EXERCISE INSTRUCTIONS =
The copy has to match the data exactly and leave out every picture.

[DATASET RECORDS Boundary: Start]

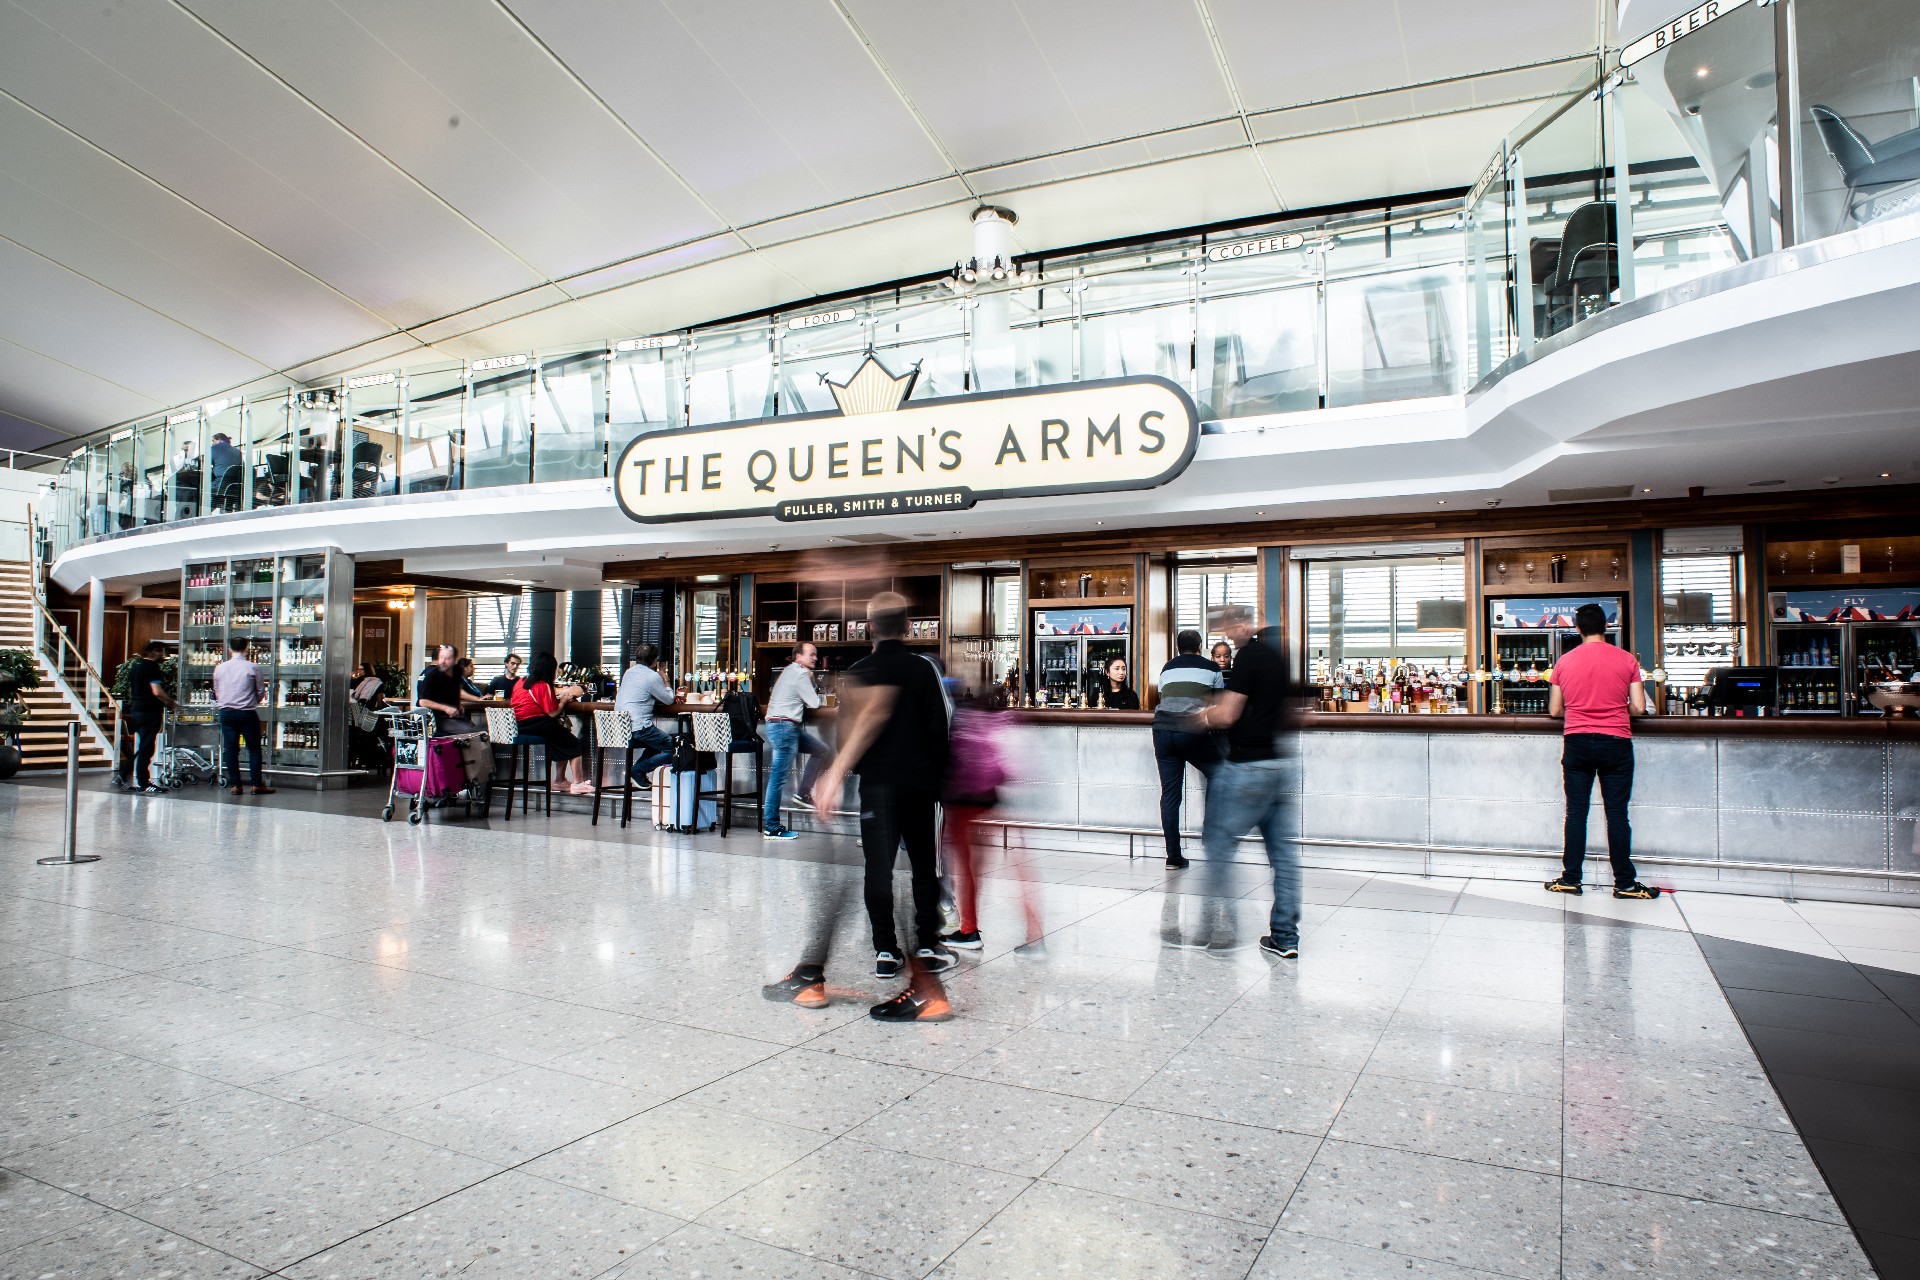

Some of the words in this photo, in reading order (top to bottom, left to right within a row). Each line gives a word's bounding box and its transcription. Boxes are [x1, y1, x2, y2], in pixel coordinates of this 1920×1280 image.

[1655, 1, 1719, 49] BEER
[1220, 237, 1290, 259] COFFEE
[804, 312, 840, 327] FOOD
[634, 337, 664, 350] BEER
[483, 356, 516, 368] WINES
[633, 452, 722, 496] THE
[747, 426, 963, 493] QUEEN'S
[994, 410, 1166, 466] ARMS
[784, 503, 838, 517] FULLER,
[843, 499, 885, 512] SMITH
[891, 498, 899, 508] &
[905, 493, 963, 507] TURNER
[1543, 606, 1577, 614] DRINK

[DATASET RECORDS Boundary: End]

RESPONSE TO THE EXERCISE =
Some of the words in this photo, in reading order (top to bottom, left to right within a row). Each line gives a word's bounding box and its transcription. Boxes are [x1, y1, x2, y2], in pixel coordinates of this 1920×1280 image.

[1655, 1, 1719, 49] BEER
[1220, 237, 1290, 259] COFFEE
[804, 312, 840, 327] FOOD
[634, 337, 664, 350] BEER
[483, 356, 516, 368] WINES
[633, 452, 722, 496] THE
[747, 426, 963, 493] QUEEN'S
[994, 410, 1166, 466] ARMS
[784, 503, 838, 517] FULLER,
[843, 499, 885, 512] SMITH
[891, 498, 899, 508] &
[905, 493, 963, 507] TURNER
[1543, 606, 1577, 614] DRINK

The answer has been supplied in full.